◆ DATASET CONTENT
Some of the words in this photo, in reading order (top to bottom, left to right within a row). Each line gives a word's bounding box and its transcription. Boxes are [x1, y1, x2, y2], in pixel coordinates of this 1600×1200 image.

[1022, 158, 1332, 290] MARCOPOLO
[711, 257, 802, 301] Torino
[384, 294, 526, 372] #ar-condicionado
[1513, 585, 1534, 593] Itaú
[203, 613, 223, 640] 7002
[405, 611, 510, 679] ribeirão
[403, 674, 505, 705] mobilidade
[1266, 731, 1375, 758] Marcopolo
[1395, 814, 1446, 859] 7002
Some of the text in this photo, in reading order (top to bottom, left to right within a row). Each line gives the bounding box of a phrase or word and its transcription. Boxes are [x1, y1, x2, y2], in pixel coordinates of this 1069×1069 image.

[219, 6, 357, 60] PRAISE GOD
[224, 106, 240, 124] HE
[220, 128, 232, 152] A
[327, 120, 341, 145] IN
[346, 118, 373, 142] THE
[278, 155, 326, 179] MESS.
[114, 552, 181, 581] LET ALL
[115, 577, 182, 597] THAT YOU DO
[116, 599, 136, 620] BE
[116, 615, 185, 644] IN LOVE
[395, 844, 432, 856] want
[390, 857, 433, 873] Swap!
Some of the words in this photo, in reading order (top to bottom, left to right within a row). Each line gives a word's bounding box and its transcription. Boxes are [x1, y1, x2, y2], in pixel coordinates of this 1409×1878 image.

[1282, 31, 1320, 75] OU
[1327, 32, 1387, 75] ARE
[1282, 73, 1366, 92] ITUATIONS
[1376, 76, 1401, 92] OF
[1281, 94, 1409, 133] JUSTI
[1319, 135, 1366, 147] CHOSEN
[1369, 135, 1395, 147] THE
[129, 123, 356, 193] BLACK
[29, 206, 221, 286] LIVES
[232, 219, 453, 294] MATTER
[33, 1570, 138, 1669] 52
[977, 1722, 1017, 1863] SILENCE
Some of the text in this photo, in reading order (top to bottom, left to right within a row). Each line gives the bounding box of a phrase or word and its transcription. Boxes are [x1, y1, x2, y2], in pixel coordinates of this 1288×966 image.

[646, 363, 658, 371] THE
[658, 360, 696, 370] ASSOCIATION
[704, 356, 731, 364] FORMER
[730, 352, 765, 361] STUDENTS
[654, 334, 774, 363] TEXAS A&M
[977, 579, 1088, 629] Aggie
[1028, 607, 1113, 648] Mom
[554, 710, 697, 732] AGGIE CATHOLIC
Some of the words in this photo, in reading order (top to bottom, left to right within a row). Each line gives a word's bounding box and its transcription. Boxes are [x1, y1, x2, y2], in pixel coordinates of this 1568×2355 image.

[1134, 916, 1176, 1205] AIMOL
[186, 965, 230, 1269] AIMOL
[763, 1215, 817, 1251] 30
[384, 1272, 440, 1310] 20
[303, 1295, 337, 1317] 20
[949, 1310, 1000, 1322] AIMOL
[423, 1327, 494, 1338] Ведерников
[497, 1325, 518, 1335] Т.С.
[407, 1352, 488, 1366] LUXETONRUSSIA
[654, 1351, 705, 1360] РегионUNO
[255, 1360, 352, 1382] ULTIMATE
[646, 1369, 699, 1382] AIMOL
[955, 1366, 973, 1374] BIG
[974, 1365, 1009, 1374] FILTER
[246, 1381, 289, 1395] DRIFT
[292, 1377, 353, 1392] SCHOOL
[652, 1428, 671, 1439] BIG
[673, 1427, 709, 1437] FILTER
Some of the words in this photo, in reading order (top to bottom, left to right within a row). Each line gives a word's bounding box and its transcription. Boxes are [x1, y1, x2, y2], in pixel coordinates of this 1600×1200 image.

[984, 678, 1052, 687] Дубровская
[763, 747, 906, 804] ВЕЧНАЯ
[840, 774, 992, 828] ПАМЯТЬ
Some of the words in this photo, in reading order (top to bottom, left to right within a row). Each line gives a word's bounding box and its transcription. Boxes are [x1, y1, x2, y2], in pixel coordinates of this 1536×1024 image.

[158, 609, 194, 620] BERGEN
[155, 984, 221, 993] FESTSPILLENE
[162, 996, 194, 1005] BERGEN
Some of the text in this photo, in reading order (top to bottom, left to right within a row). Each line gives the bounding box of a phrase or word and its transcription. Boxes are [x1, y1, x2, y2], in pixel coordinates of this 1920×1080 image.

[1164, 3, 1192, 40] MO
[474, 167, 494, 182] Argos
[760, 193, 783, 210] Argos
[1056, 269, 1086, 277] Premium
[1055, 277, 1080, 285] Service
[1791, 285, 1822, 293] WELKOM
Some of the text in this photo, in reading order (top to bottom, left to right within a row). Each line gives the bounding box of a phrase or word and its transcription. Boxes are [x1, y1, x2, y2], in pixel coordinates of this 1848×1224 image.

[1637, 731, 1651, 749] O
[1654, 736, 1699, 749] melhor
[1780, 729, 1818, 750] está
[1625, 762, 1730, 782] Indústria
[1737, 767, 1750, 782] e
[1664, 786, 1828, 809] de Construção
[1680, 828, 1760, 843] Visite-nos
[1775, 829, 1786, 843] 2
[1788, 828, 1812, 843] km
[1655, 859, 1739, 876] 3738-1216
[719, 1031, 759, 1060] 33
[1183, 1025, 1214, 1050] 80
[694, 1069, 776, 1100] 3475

◆ WHAT NEEDS TO BE DONE
The response should consist of all the entries, set down exactly.

◆ EXERCISE RESPONSE
Some of the words in this photo, in reading order (top to bottom, left to right within a row). Each line gives a word's bounding box and its transcription. Boxes are [x1, y1, x2, y2], in pixel coordinates of this 1600×1200 image.

[1022, 158, 1332, 290] MARCOPOLO
[711, 257, 802, 301] Torino
[384, 294, 526, 372] #ar-condicionado
[1513, 585, 1534, 593] Itaú
[203, 613, 223, 640] 7002
[405, 611, 510, 679] ribeirão
[403, 674, 505, 705] mobilidade
[1266, 731, 1375, 758] Marcopolo
[1395, 814, 1446, 859] 7002
Some of the text in this photo, in reading order (top to bottom, left to right within a row). Each line gives the bounding box of a phrase or word and its transcription. Boxes are [x1, y1, x2, y2], in pixel coordinates of this 1069×1069 image.

[219, 6, 357, 60] PRAISE GOD
[224, 106, 240, 124] HE
[220, 128, 232, 152] A
[327, 120, 341, 145] IN
[346, 118, 373, 142] THE
[278, 155, 326, 179] MESS.
[114, 552, 181, 581] LET ALL
[115, 577, 182, 597] THAT YOU DO
[116, 599, 136, 620] BE
[116, 615, 185, 644] IN LOVE
[395, 844, 432, 856] want
[390, 857, 433, 873] Swap!
Some of the words in this photo, in reading order (top to bottom, left to right within a row). Each line gives a word's bounding box and its transcription. Boxes are [x1, y1, x2, y2], in pixel coordinates of this 1409×1878 image.

[1282, 31, 1320, 75] OU
[1327, 32, 1387, 75] ARE
[1282, 73, 1366, 92] ITUATIONS
[1376, 76, 1401, 92] OF
[1281, 94, 1409, 133] JUSTI
[1319, 135, 1366, 147] CHOSEN
[1369, 135, 1395, 147] THE
[129, 123, 356, 193] BLACK
[29, 206, 221, 286] LIVES
[232, 219, 453, 294] MATTER
[33, 1570, 138, 1669] 52
[977, 1722, 1017, 1863] SILENCE
Some of the text in this photo, in reading order (top to bottom, left to right within a row). Each line gives the bounding box of a phrase or word and its transcription. Boxes are [x1, y1, x2, y2], in pixel coordinates of this 1288×966 image.

[646, 363, 658, 371] THE
[658, 360, 696, 370] ASSOCIATION
[704, 356, 731, 364] FORMER
[730, 352, 765, 361] STUDENTS
[654, 334, 774, 363] TEXAS A&M
[977, 579, 1088, 629] Aggie
[1028, 607, 1113, 648] Mom
[554, 710, 697, 732] AGGIE CATHOLIC
Some of the words in this photo, in reading order (top to bottom, left to right within a row). Each line gives a word's bounding box and its transcription. Boxes are [x1, y1, x2, y2], in pixel coordinates of this 1568×2355 image.

[1134, 916, 1176, 1205] AIMOL
[186, 965, 230, 1269] AIMOL
[763, 1215, 817, 1251] 30
[384, 1272, 440, 1310] 20
[303, 1295, 337, 1317] 20
[949, 1310, 1000, 1322] AIMOL
[423, 1327, 494, 1338] Ведерников
[497, 1325, 518, 1335] Т.С.
[407, 1352, 488, 1366] LUXETONRUSSIA
[654, 1351, 705, 1360] РегионUNO
[255, 1360, 352, 1382] ULTIMATE
[646, 1369, 699, 1382] AIMOL
[955, 1366, 973, 1374] BIG
[974, 1365, 1009, 1374] FILTER
[246, 1381, 289, 1395] DRIFT
[292, 1377, 353, 1392] SCHOOL
[652, 1428, 671, 1439] BIG
[673, 1427, 709, 1437] FILTER
Some of the words in this photo, in reading order (top to bottom, left to right within a row). Each line gives a word's bounding box and its transcription. Boxes are [x1, y1, x2, y2], in pixel coordinates of this 1600×1200 image.

[984, 678, 1052, 687] Дубровская
[763, 747, 906, 804] ВЕЧНАЯ
[840, 774, 992, 828] ПАМЯТЬ
Some of the words in this photo, in reading order (top to bottom, left to right within a row). Each line gives a word's bounding box and its transcription. Boxes are [x1, y1, x2, y2], in pixel coordinates of this 1536×1024 image.

[158, 609, 194, 620] BERGEN
[155, 984, 221, 993] FESTSPILLENE
[162, 996, 194, 1005] BERGEN
Some of the text in this photo, in reading order (top to bottom, left to right within a row). Each line gives the bounding box of a phrase or word and its transcription. Boxes are [x1, y1, x2, y2], in pixel coordinates of this 1920×1080 image.

[1164, 3, 1192, 40] MO
[474, 167, 494, 182] Argos
[760, 193, 783, 210] Argos
[1056, 269, 1086, 277] Premium
[1055, 277, 1080, 285] Service
[1791, 285, 1822, 293] WELKOM
Some of the text in this photo, in reading order (top to bottom, left to right within a row). Each line gives the bounding box of a phrase or word and its transcription. Boxes are [x1, y1, x2, y2], in pixel coordinates of this 1848×1224 image.

[1637, 731, 1651, 749] O
[1654, 736, 1699, 749] melhor
[1780, 729, 1818, 750] está
[1625, 762, 1730, 782] Indústria
[1737, 767, 1750, 782] e
[1664, 786, 1828, 809] de Construção
[1680, 828, 1760, 843] Visite-nos
[1775, 829, 1786, 843] 2
[1788, 828, 1812, 843] km
[1655, 859, 1739, 876] 3738-1216
[719, 1031, 759, 1060] 33
[1183, 1025, 1214, 1050] 80
[694, 1069, 776, 1100] 3475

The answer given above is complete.